Hamish: How much of that can he still do? And how are you managing that as things evolve?
Daisy: Yeah, he's definitely an amazing granddad and is so present. And, you know, just gives 150 per cent all the time.
Millie: Yeah, amazing granddad. My kids are just obsessed with him and Ty and yes, so much effort. Even Dad will go a week without seeing Maggie, and after three days, he's FaceTiming her, saying, “I miss you so much, Grand” (they call him ‘Grand’), “we'll see you really soon”. And, yeah, it just puts in so much effort, but we're just really mindful yeah, sometimes we have to say, “go and have a rest”, or the four kids all together – like, he loves everyone being all together, but it's also a lot and a bit of a sensory overload. So it's like, we just make sure there's not music on and, yeah, go for a little walk outside, so it just breaks it up a bit. And have that one-on-one with the kids is better for him.
Daisy: He used to, you know, have the kids on the dedicated days. So like, for example, he'd have Maggie on a Tuesday, Archie on a Thursday and things like that, and or Maggie would sleep over and things like that. But I think Millie and I are very conscious of him becoming tired, and it's quite draining for him now, so.
Millie: Which he finds really hard, because he wants to take them to their cottage, you know, for a week and do all those things. And I really hope we can make that happen, but at the same time, like, we might not.
Daisy: Yeah it's hard to accept those things, definitely, you know, like, he'll say: “wait till they're older and we'll all be going on holidays”, or you know, “we're gonna get bunk beds and they'll all come for sleepovers, and we'll watch movies”, and it's so incredible to hear and think in your head, but it's like the other side of that is “is that really what's gonna happen?”, you know, and you hope and you pray, but you just never know. So it's double-edged sword, in a way.
Hamish: Your dad said to me that when your mum died, when Lorna died, he kind of went into a bit of a ‘super-dad’ mode. That was his response to it, and he compared that with now and learning the news, and wanting to give you guys an impression of everything that it was all okay. Do you… can you see that?
Jim: Yeah, as soon as you just said that I'm thinking, “oh, my God, he's done the same thing with our grandkids”.

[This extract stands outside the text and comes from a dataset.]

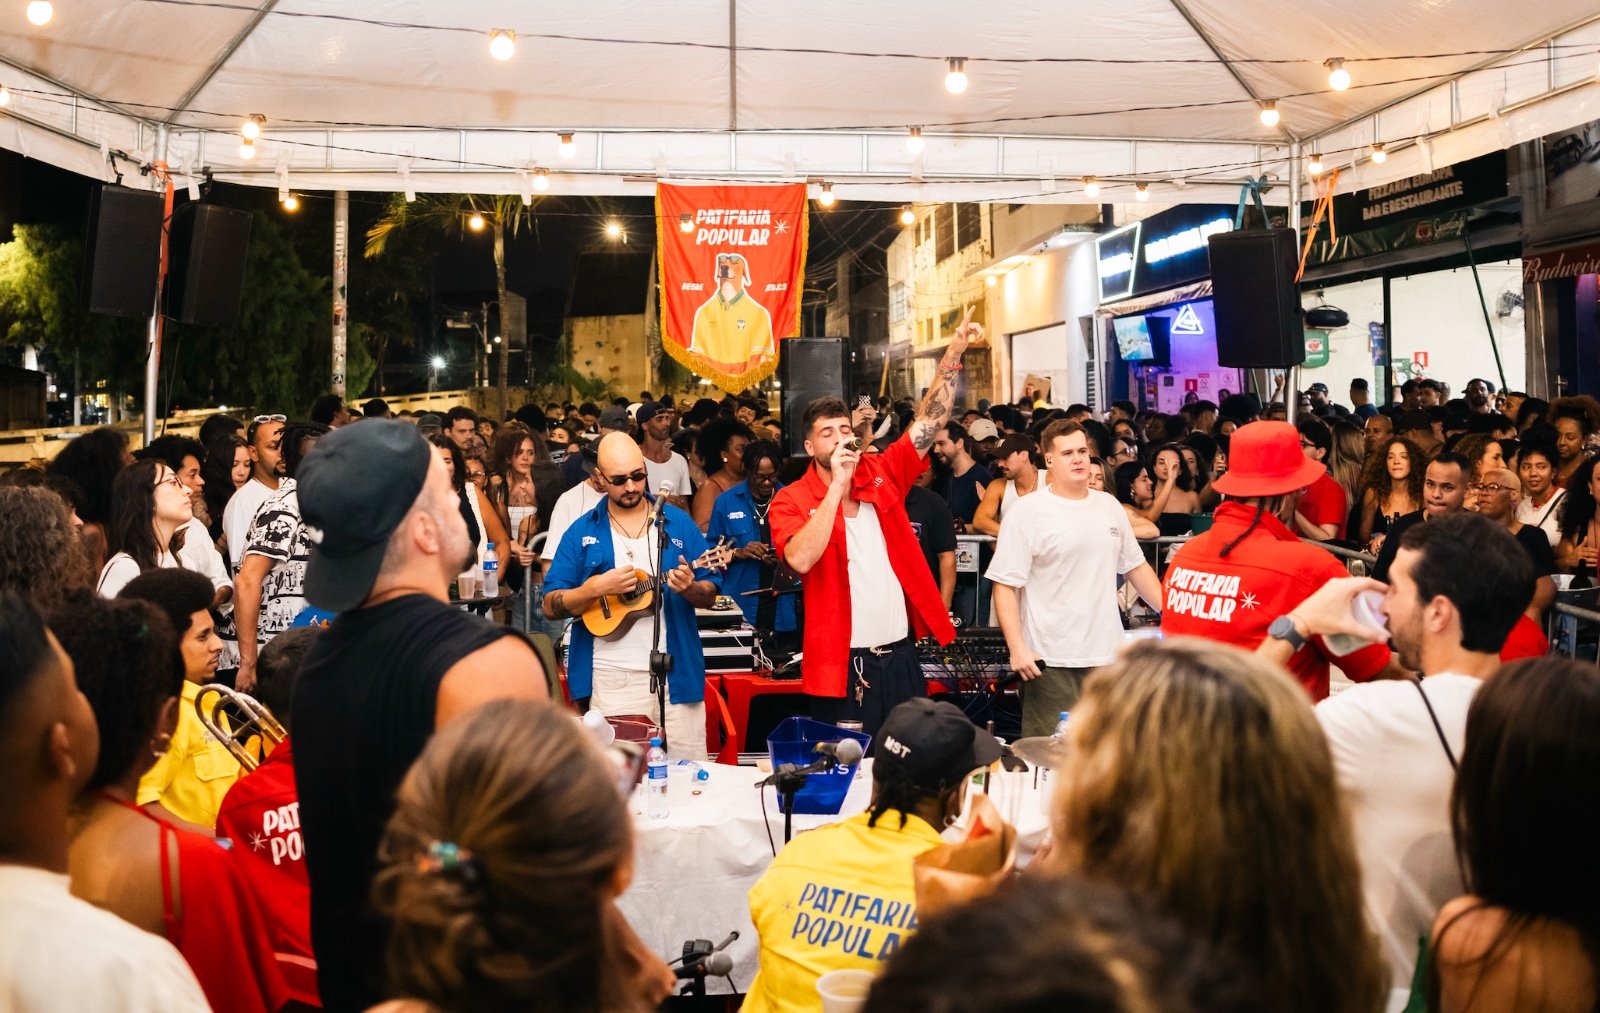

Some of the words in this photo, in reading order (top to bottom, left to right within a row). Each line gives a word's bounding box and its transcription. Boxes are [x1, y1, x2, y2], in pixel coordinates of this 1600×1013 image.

Millie: I, for sure, agree with that.
Daisy: Like ‘super-granddad’.
Millie: Yep.
Daisy: A hundred and fifty per cent of the time, every day, to protect them, but also for us, because he puts on a brave face for us as well. Definitely.
Millie: Yeah. He definitely puts on a brave face, yeah. Like, we kind of forget what he's going through, in a way, because we don't talk about it that often, and he's doing so well that, I mean, sometimes we even forget. And then we just did a memory walk, and we all got together. And that was really confronting, because we don't do these things where we sit and talk about it. We just, we try to put on a brave face, too for him, and just live normally.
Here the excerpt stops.